Then, I think for the first time, out of the blur, I became aware of the incongruity of Von Holwitz being there. I looked at him and saw the stone pallor on his face. Yet I did not understand.
“What is it? What are you all waiting for? Bernoline, why is that man here?”
Then I saw it in her face! Good God!
When I next remember anything, Bernoline’s arms were around me, and I was staring at Von Holwitz, who was gasping for breath against the wall, a streak of blood curved on his cheek. De Saint Omer—he must have had arms of steel—had me by the collar, and I heard Bernoline crying,
“David, David, for my sake—don’t!”
I turned and looked at her,—a look that must have frightened her, for I heard her say:
“Ah, mon bien aimé, will you desert me now?”
My brain cleared instantly. I put my hand over my eyes and pressed against the dull numbness that filled my head. When I looked up, De Saint Omer had loosened his hold and stood watching me.
“David, understand well one thing,” he said sharply, to bring me to my senses. “As head of my family, I command here.”
Even then nothing could have held me,—nothing but the touch of her hand.

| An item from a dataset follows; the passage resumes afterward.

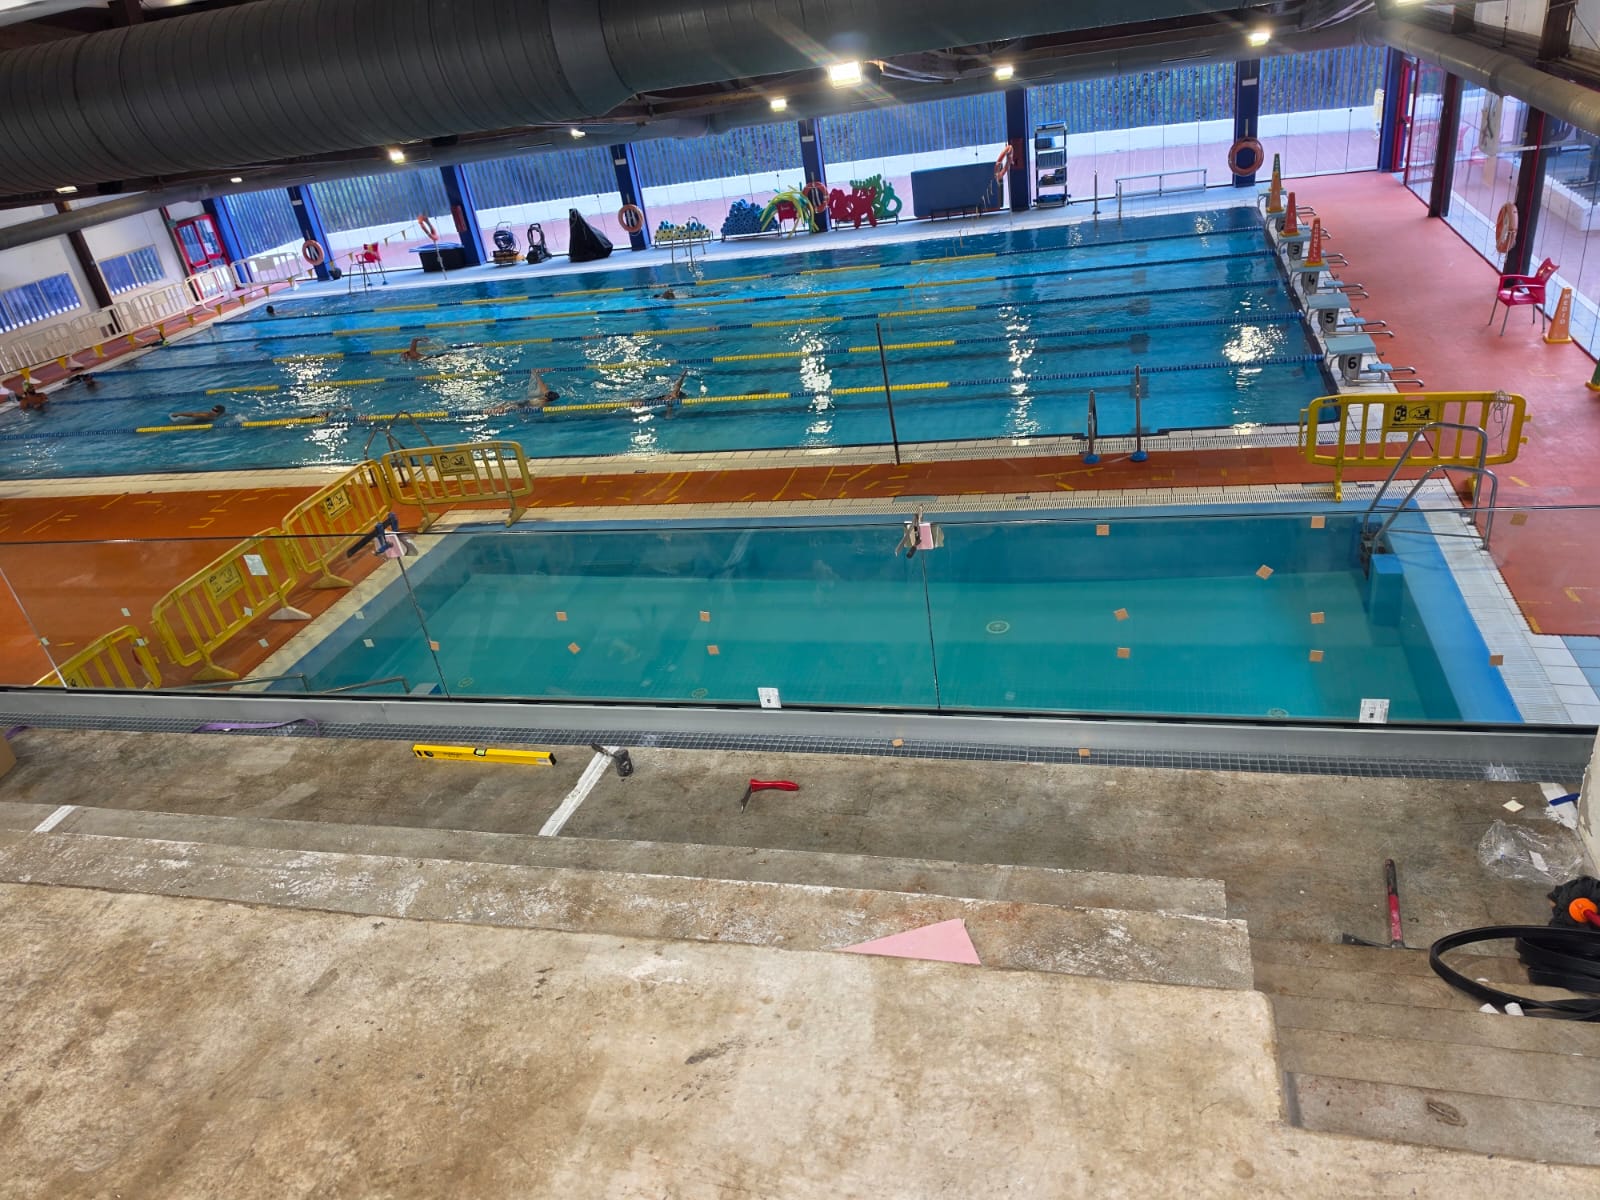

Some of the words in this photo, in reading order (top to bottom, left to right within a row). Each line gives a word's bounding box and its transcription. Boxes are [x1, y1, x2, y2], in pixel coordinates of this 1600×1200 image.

[1292, 244, 1300, 255] 3
[1308, 274, 1315, 285] 4
[1325, 312, 1334, 324] 5
[1347, 356, 1357, 370] 6

“God! You can stand here and reason!”
“Come to your senses! At once!” he ripped out, with the suddenness of a drill master. “Do you hear me, Lieutenant Littledale! At once!”

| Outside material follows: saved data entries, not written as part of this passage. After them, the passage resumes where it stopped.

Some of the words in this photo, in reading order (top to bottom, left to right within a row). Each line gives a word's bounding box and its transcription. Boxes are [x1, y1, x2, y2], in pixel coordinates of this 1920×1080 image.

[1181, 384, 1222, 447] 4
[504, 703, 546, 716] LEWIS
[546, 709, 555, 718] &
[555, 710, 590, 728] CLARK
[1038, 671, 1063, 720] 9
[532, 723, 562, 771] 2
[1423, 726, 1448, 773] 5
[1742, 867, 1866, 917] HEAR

It was incongruous, grotesque, and involuntary, but I came to attention and my hand went up in salute. Our eyes met, and what I saw there made me forget everything else.
“Pardon, mon commandant. I am at your orders.”
Then I looked at Von Holwitz; if there was death brooding in the face of De Saint Omer, the face of the other was the face of the dead.
“David, you will do everything exactly as I decide,” De Saint Omer said more quietly, though his eyes continued to blaze imperiously, dominating my own. “Monsieur, I am quite capable of protecting the honor of my sister and the name of my family.”
“Do as he says, mon ami” said Bernoline, staring past me. “He has the right.”
“Mon commandant,” I repeated stiffly. “I shall obey.”
From that moment everything seemed to occur outside of me. I was there, but only to look on helplessly and incredulously,—an American watching the unfolding of some grim scene in the Middle Ages, a spectator before an older race, disciplined, proud, exact to their point of honor, as their old grim generations had held to that honor.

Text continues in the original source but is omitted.